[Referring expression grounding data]
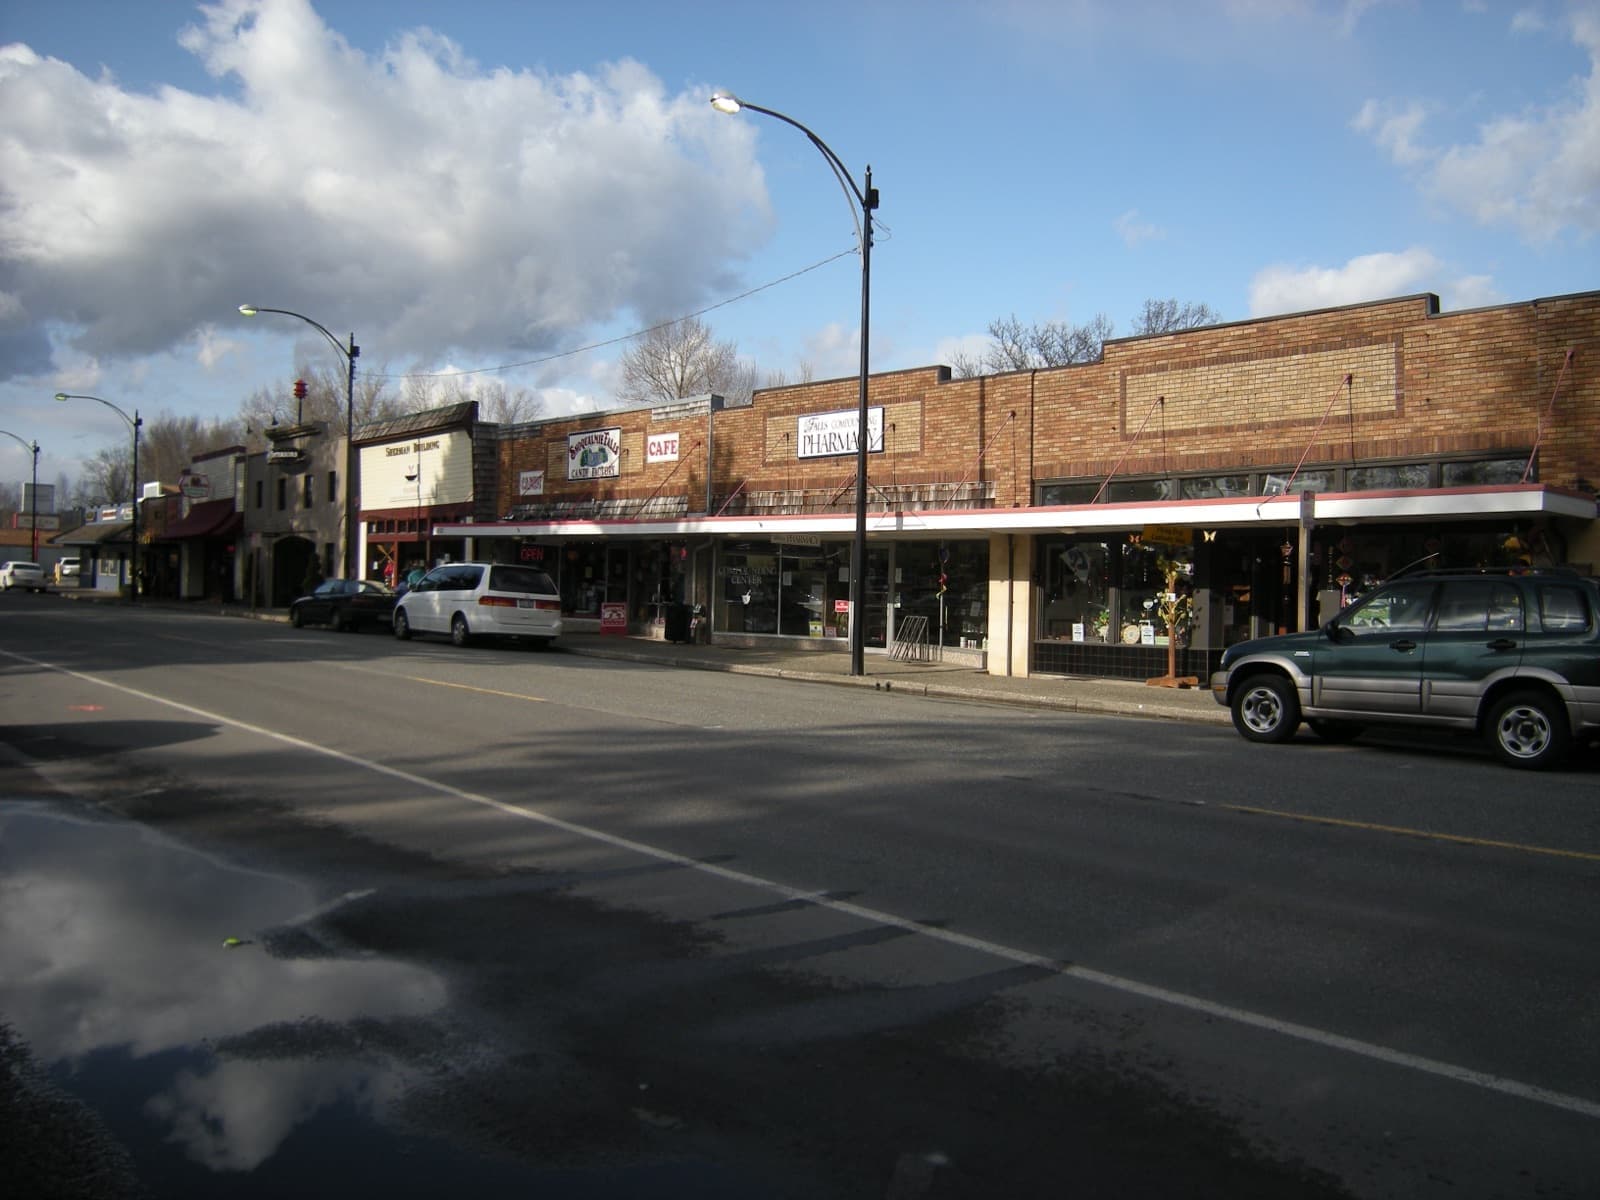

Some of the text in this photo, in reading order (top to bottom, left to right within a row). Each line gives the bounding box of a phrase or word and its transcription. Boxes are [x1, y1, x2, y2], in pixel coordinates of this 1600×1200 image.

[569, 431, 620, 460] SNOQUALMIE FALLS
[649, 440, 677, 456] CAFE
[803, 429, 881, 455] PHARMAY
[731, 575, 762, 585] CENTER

Exercise goal: Leave the pictures out and reproduce each record exactly as written.

Response area:
Some of the text in this photo, in reading order (top to bottom, left to right within a row). Each line gives the bounding box of a phrase or word and its transcription. Boxes are [x1, y1, x2, y2], in pixel coordinates of this 1600×1200 image.

[569, 431, 620, 460] SNOQUALMIE FALLS
[649, 440, 677, 456] CAFE
[803, 429, 881, 455] PHARMAY
[731, 575, 762, 585] CENTER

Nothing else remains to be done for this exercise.